Почему-то кажется важным, чтобы тощая, колючая девица это знала. Что животное, которое она похитила и намеренно передала в кровожадные руки, имело имя и свою жизнь, что у него были друзья и что кто-то будет сокрушаться оттого, что его больше нет. Но, возможно, думаю я, глядя на неподвижную маску, в которую превратилось лицо девочки, такого рода рассказы для нее ничего не значат. Очевидно, ее трогают вещи совсем другого рода.
– Мы были связаны друг с другом, – добавила я. – Через кровь. Мою кровь.
Я не стала объяснять, что речь идет о том, как Тирит зализывал рану на моей ладони. Пусть девочка думает, что я сумасшедшая. Ее взгляд уперся в землю. Топор по-прежнему лежал во мху. Ближе к ней, чем ко мне. Она быстро подняла ногу и наступила на топор, потом подобрала его и просто засунула за пояс брюк.
– Слушай, – сказала она и сложила руки на груди. – Это Юрма сказал, что мы должны как-то отомстить.
Безрадостный смех вылетел из моего горла.

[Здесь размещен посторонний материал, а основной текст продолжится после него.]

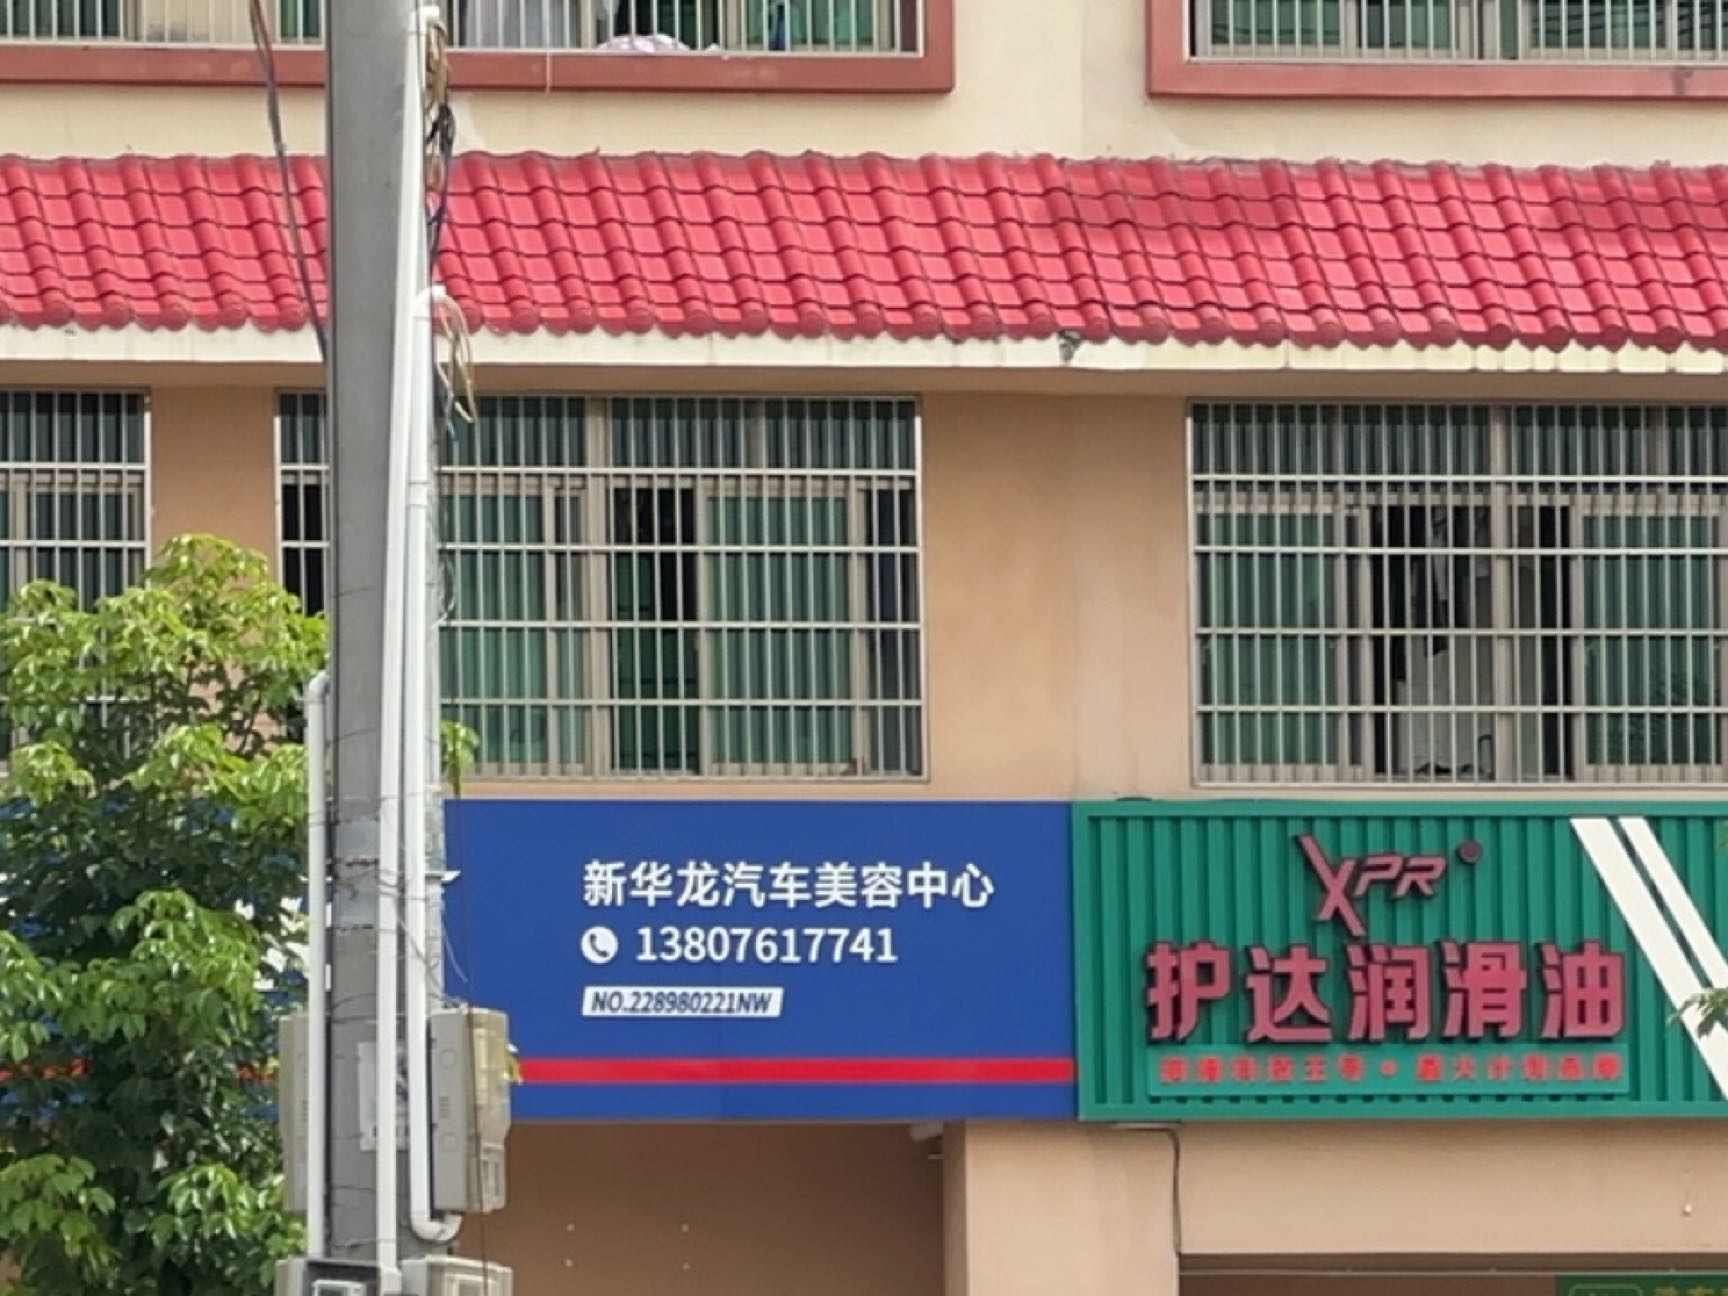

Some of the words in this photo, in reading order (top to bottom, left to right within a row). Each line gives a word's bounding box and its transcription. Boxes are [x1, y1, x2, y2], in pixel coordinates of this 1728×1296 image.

Я сама слышала, что он звучит как смех сумасшедшего, но не могла сдержаться. Отомстить? Что за околесицу она несет?
– Он не в своем уме? Вы все не в своем уме? Что я вам такого сделала, можешь ты наконец объяснить?
Она закатила глаза, давая понять, что я напрасно прикидываюсь дурочкой. Потом отвернулась и закусила нижнюю губу.
– Я думала, Юрма быстро успокоится. И никого не будут наказывать. Я пыталась уговорить его забить на тебя, но он… когда у него такое состояние, не знаешь, чего от него ждать, он не видит берегов. Иногда мне кажется, что он даже способен…
Она замолчала и исподтишка взглянула на меня, как будто ей было неловко. Как будто она сказала слишком много.